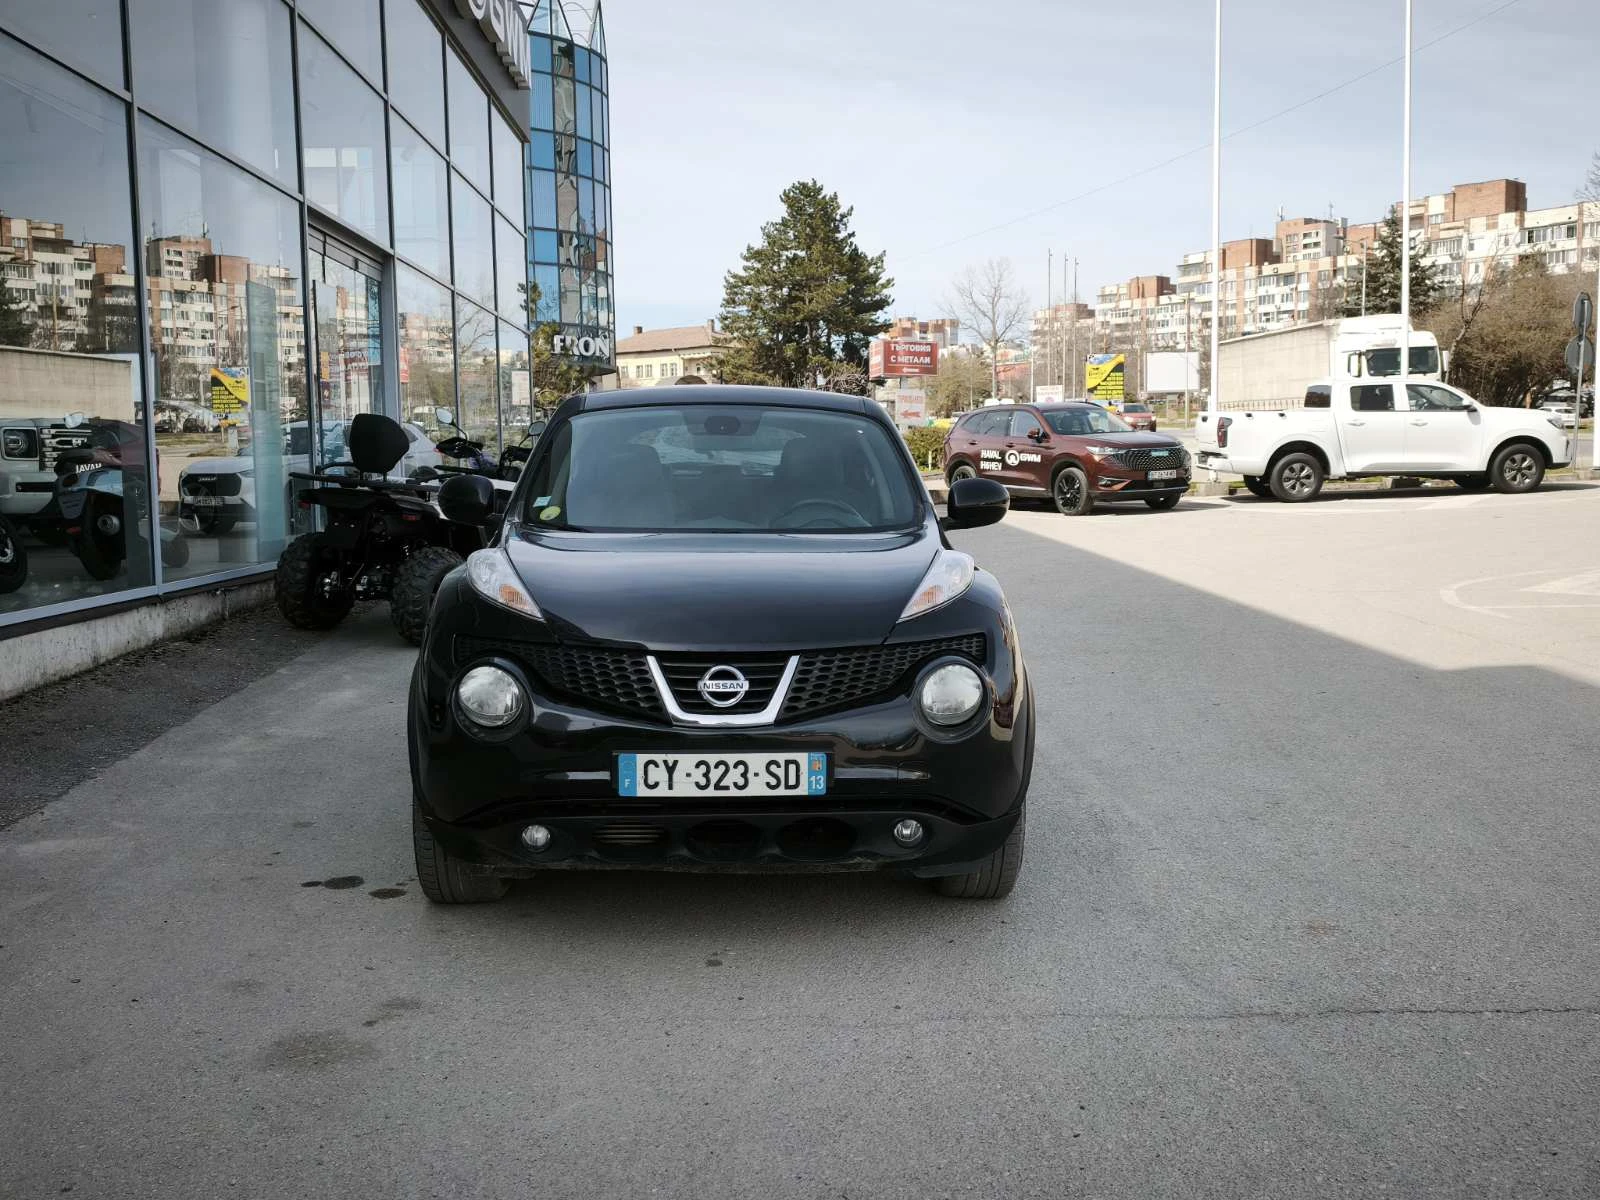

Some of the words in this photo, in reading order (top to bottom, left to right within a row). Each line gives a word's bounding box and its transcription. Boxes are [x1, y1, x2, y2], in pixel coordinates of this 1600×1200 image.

[890, 343, 931, 353] ТЪРГОВИЯ
[890, 355, 897, 363] С
[897, 355, 931, 364] МЕТАЛИ
[980, 449, 1002, 460] HAVAL
[1019, 453, 1042, 463] GWM
[703, 682, 744, 690] NISSAN
[624, 779, 632, 789] F
[810, 775, 824, 790] 13
⁂
What is needed » Reproduce the records, all of them, word for word; omit the pictures.

Answer section »
Some of the words in this photo, in reading order (top to bottom, left to right within a row). Each line gives a word's bounding box and its transcription. Boxes are [x1, y1, x2, y2], in pixel coordinates of this 1600×1200 image.

[890, 343, 931, 353] ТЪРГОВИЯ
[890, 355, 897, 363] С
[897, 355, 931, 364] МЕТАЛИ
[980, 449, 1002, 460] HAVAL
[1019, 453, 1042, 463] GWM
[703, 682, 744, 690] NISSAN
[624, 779, 632, 789] F
[810, 775, 824, 790] 13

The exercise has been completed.